• _YOUR OBJECTIVE_
Return each of the entries below precisely, with no pictures in the result.

• _DATA_
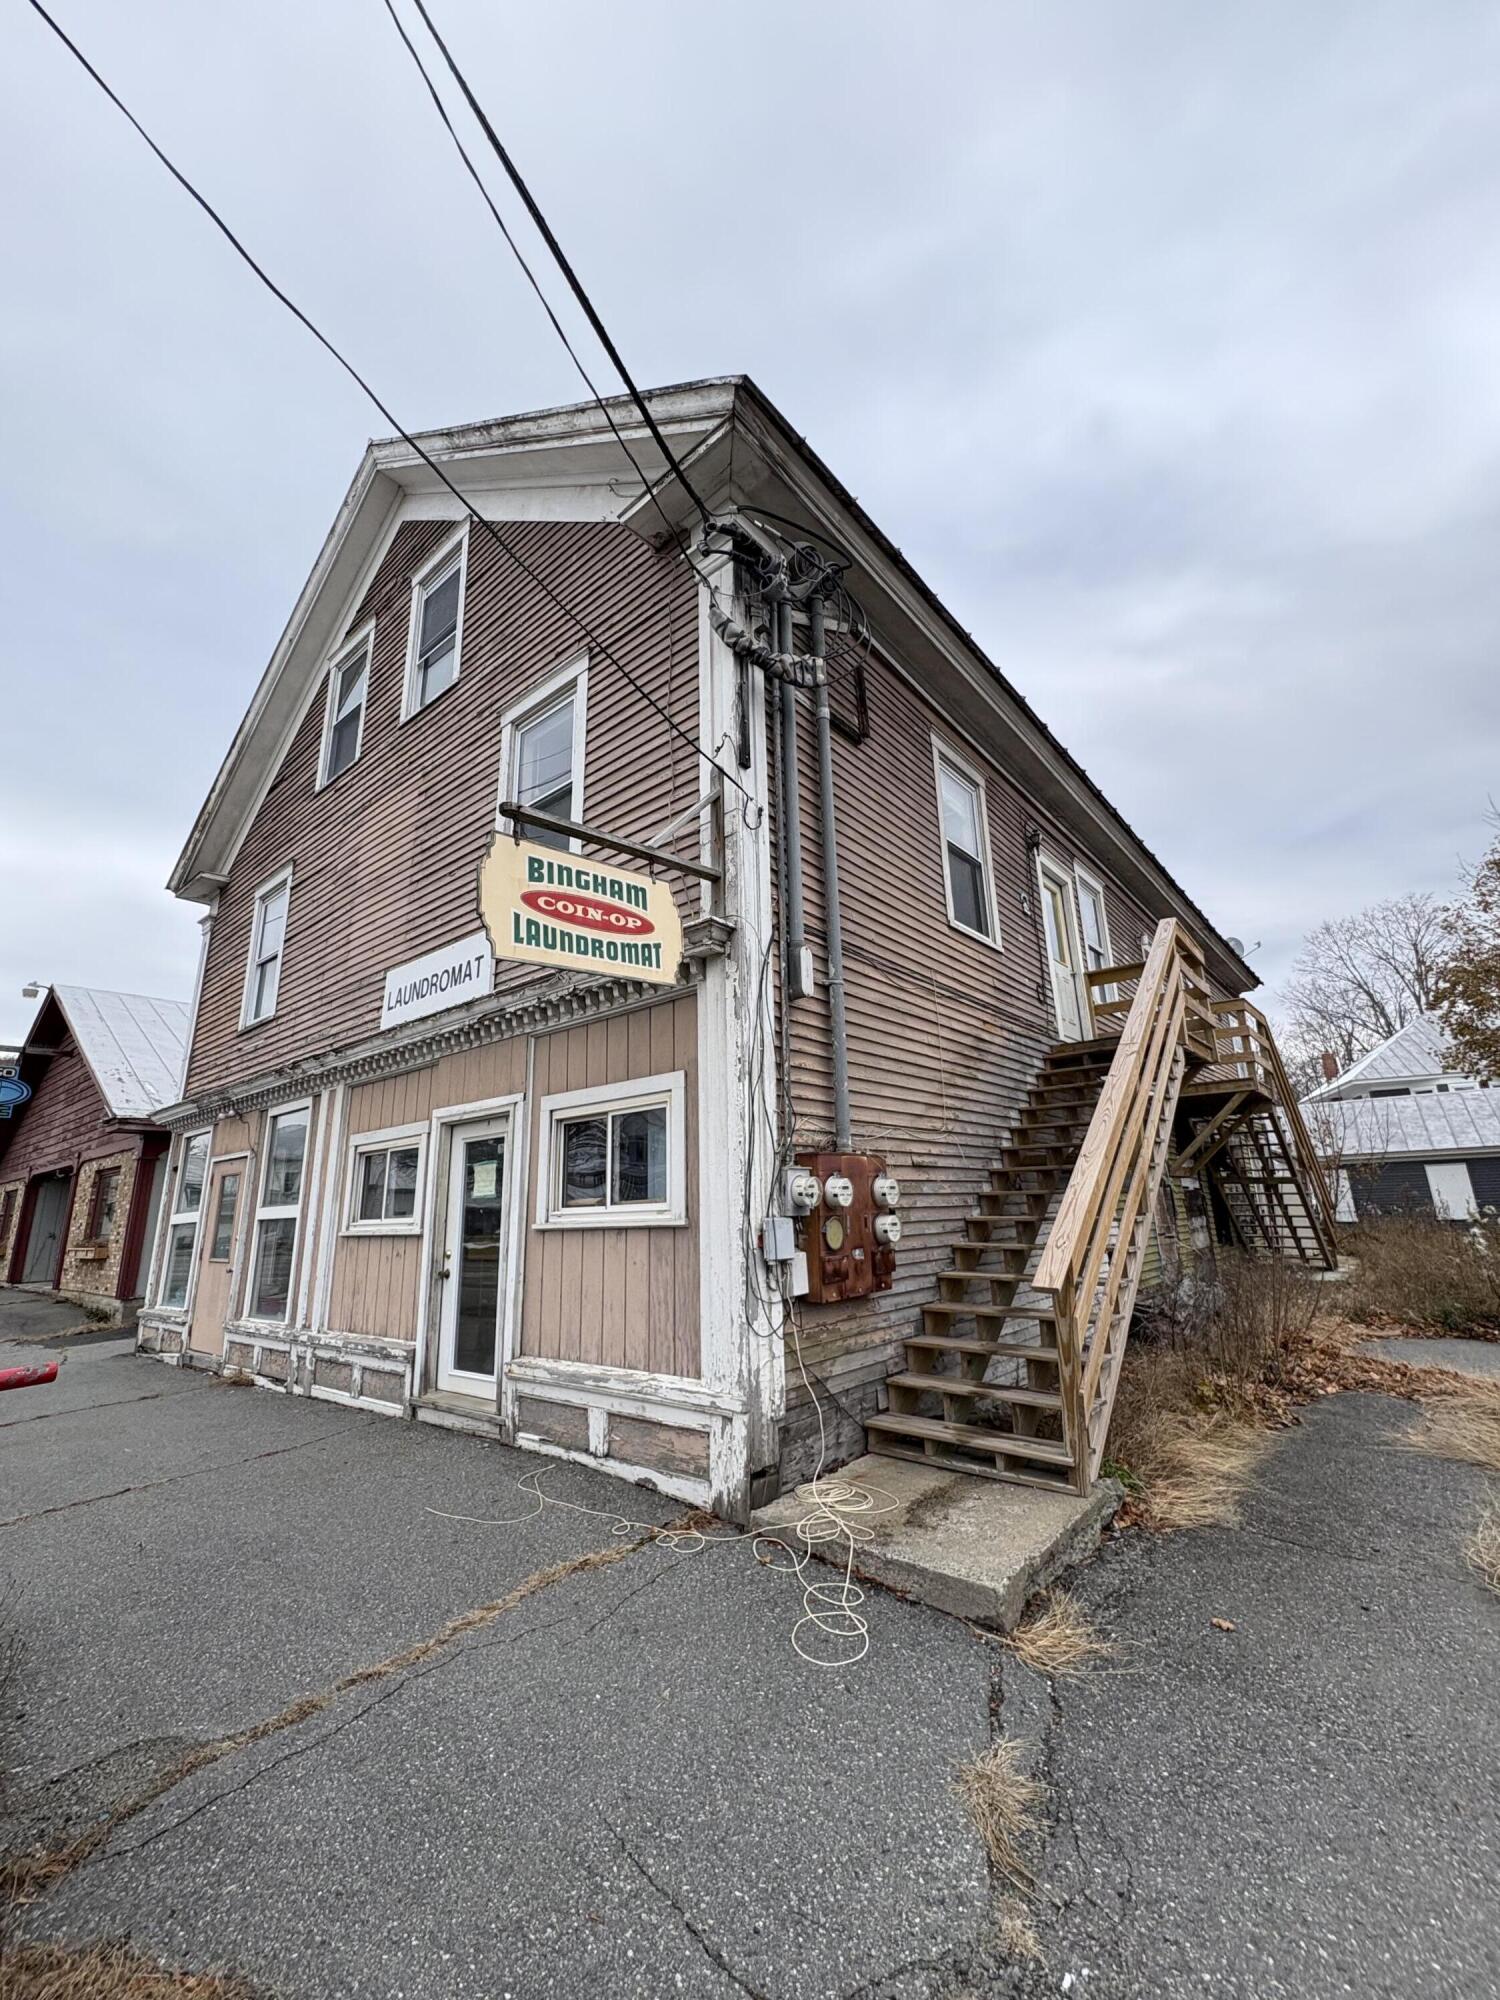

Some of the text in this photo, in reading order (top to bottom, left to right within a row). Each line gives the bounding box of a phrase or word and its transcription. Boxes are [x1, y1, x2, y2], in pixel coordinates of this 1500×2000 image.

[527, 855, 648, 911] BINGHAM
[513, 911, 662, 969] LAUNDROMAT
[537, 896, 642, 929] COIN-OP
[387, 954, 485, 1011] LAUNDROMAT

• _WRITTEN REPLY_
Some of the text in this photo, in reading order (top to bottom, left to right within a row). Each line gives the bounding box of a phrase or word and its transcription. Boxes are [x1, y1, x2, y2], in pixel coordinates of this 1500×2000 image.

[527, 855, 648, 911] BINGHAM
[513, 911, 662, 969] LAUNDROMAT
[537, 896, 642, 929] COIN-OP
[387, 954, 485, 1011] LAUNDROMAT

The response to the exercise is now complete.